Ryan Missel1, Jesdin Raphael1, Linwei Wang1, Christopher Haggerty2, Dustin Hartzel2, Jeffery Ruhl2, Brandon Fornwalt2
1Rochester Institute of Technology, 2Geisinger


Abstract

Background: Numerous studies have been done on the potential of machine learning approaches to short-term 30-day heart failure readmission, though most consider classical methods with relatively small data cohorts (avg. 3600 patients) and lack ablations on generalizing to subpopulations or over multiple hospitals. Deep learning's potential at scale for readmission prediction is still inconclusive.

Objective: To compare data-driven techniques on a large-scale cohort of electronic health records (EHR) over changing data availability and distributions of data.

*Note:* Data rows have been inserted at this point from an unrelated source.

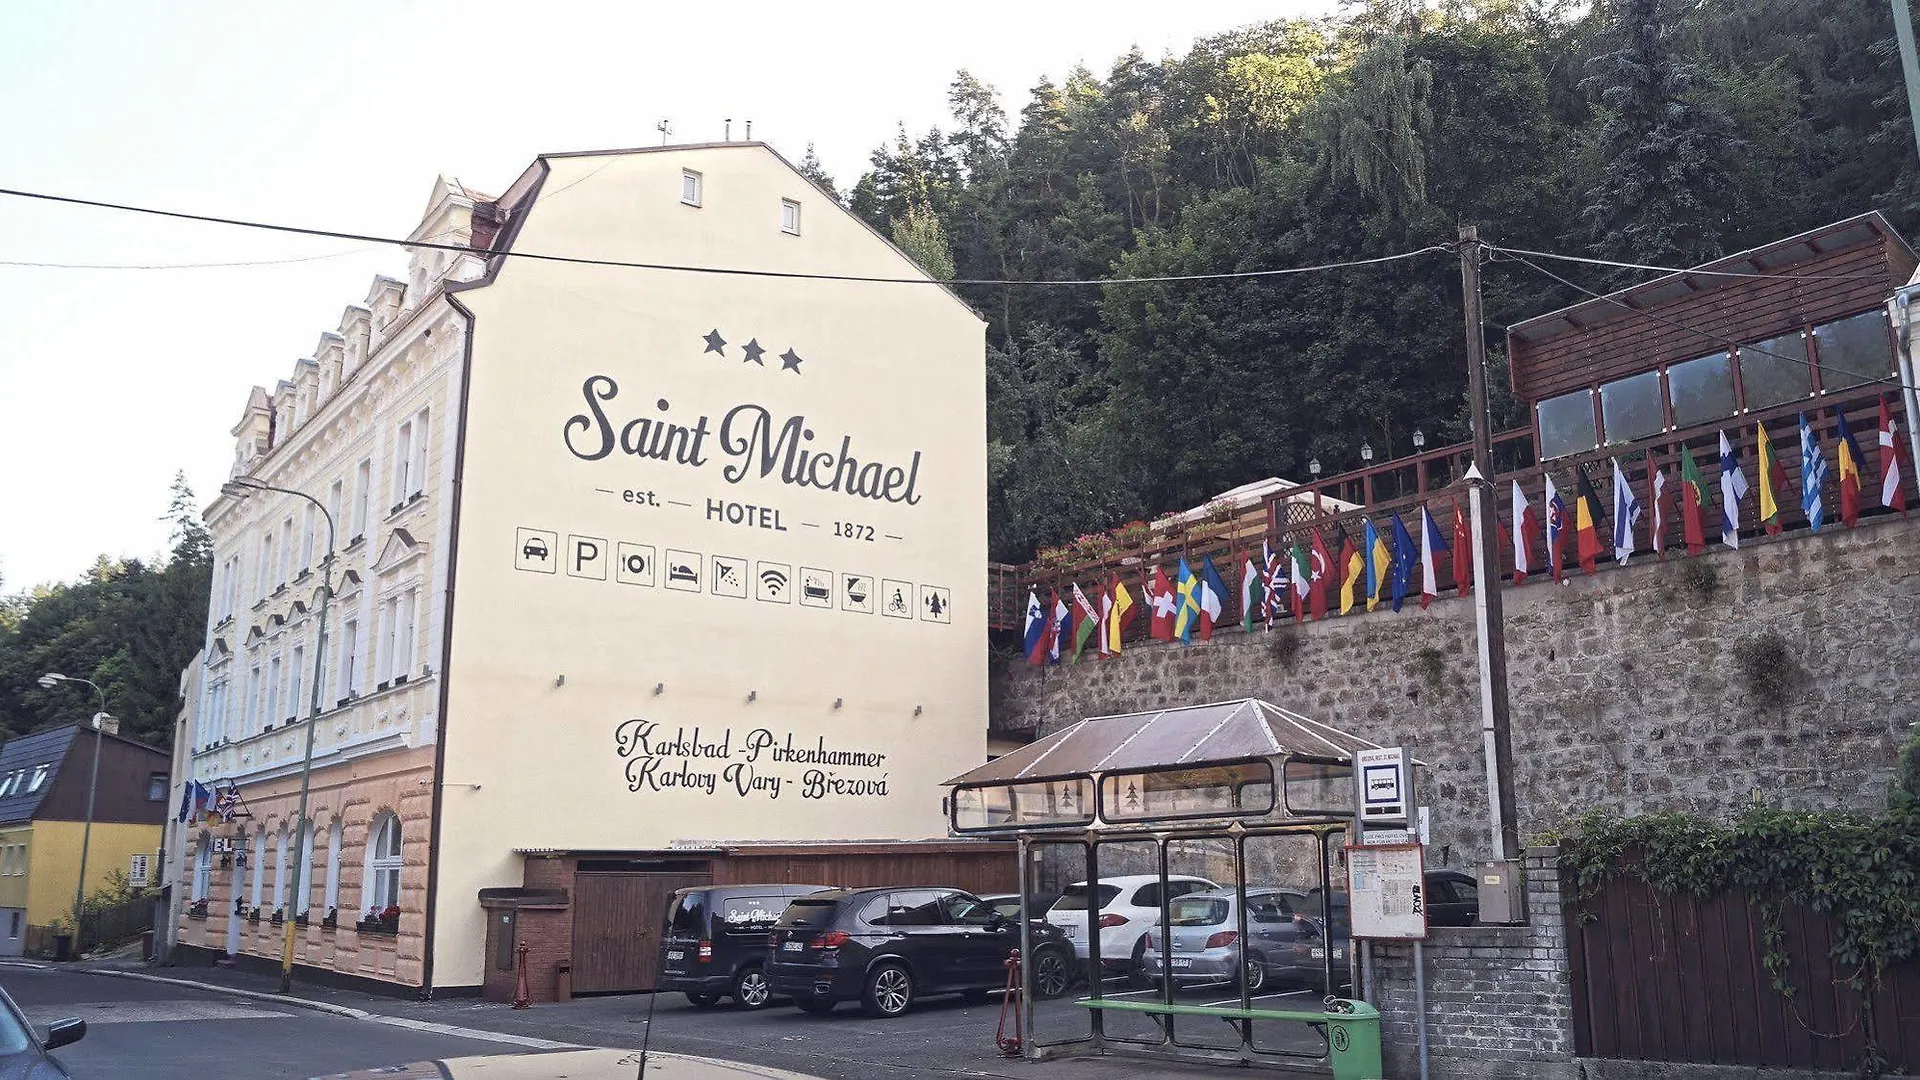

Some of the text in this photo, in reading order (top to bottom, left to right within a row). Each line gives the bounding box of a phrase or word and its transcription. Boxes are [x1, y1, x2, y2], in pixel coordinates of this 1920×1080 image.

[564, 375, 921, 506] Saint Michael
[623, 487, 875, 542] est. HOTEL 1872
[576, 541, 599, 571] P
[615, 719, 731, 758] Karlsbad
[625, 755, 717, 795] Karlovy
[722, 762, 781, 799] Vary
[802, 769, 889, 799] Březová

Method: A cohort of 13,000 patients in a set of 30,513 emergency admissions related to heart failure-based ICD-9 codes were collected from the Geisinger Health System. Predictive features, both static and temporal measurements, were derived from EHR data and used to build a deep learning model (specifically a LSTM network) and a suite of 10 machine learning algorithms (notably AdaBoost and Random Forest). Predictive features were diversely sourced, examples bring demographics, medications, recorded vitals, and external lab results.

Results: Models were evaluated on an all-hospital set with 5-fold cross validation (80% data) and a holdout set (20%). On cross-validation sets, the LSTM model achieved 0.864+0.009 AUC and 0.210+0.470 Recall while the best regression model (AdaBoost) achieved 0.785+0.012 AUC and 0.265+0.014 Recall. On per-hospital experiments, the LSTM saw a noticeable drop in average performance (0.724+0.048 AUC/0.010+0.242 Recall) compared to the best regression model (0.804+0.021 AUC/0.298+0.046 Recall). The cross-hospital LSTM model failed to generalize across hospitals at all (0.547+0.034 AUC/0.014+0.180 Recall).

Conclusion: Despite temporal-based model performance on cross-hospital and large-scale datasets, its performance falls off in generalization given smaller data sources or cross-distribution settings when compared to traditional machine learning techniques.